Third key Taliban town falls to Pakistan army

Author: Associated Press

The operation in South Waziristan, the main Taliban and al-Qa’ida sanctuary in
Pakistan, has sparked a wave of retaliatory attacks that have killed about
300 civilians and security forces in the past month.

The militants hope the attacks will weaken the army’s resolve but it pressed
ahead today, entering Makeen, the home of former Pakistani Taliban leader
Baitullah Mehsud, who was killed in a US missile strike in August.

Troops razed Mehsud’s house, an act of vengeance for the hundreds of people
the Pakistani Taliban has killed in the country.

Meanwhile in Islamabad gunmen wounded an army brigadier and a soldier as the
two drove away from the officer’s home.

On 22 October, gunmen on a motorcycle shot and killed a brigadier and a
soldier riding in an army jeep in what was believed to be the first
assassination of an army officer in the capital.

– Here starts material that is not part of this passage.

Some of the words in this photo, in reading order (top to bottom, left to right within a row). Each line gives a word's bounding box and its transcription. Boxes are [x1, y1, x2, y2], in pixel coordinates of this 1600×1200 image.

Less than a week later, gunmen attacked another brigadier as he was driving to
a bank with his mother, but they escaped unharmed.

No group has claimed responsibility for the attacks, but suspicion fell on the
Pakistani Taliban, which has declared war on the government for alleged
being un-Islamic and supporting the war on terror.

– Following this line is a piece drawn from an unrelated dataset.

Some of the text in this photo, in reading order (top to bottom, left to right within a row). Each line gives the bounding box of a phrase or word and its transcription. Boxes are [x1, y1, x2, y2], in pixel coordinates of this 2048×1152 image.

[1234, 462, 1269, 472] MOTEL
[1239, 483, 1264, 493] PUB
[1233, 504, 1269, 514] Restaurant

The Taliban has claimed responsibility for scores of attacks in Pakistan, many
of them carried out by suicide bombers. The recent shootings could indicate
the militants are turning to targeted assassinations to stoke even more fear.

The Pakistani army has vowed to continue the South Waziristan offensive
despite the increase in militant attacks. It says it is now fighting bloody
street-to-street battles in each of the three main militant strongholds in
the region – Makeen, Sararogha and Ladha.

The military says hundreds of insurgents have been killed in the South
Waziristan operation – including 24 in just the last day – and hundreds more
have been wounded.

The Pakistani government has been eager to portray the militants as in
retreat. Pakistani intelligence officials yesterday revealed an intercepted
speech by the current Pakistani Taliban leader, Hakimullah Mehsud, who
warned his fighters they will go to hell if they flee the army offensive.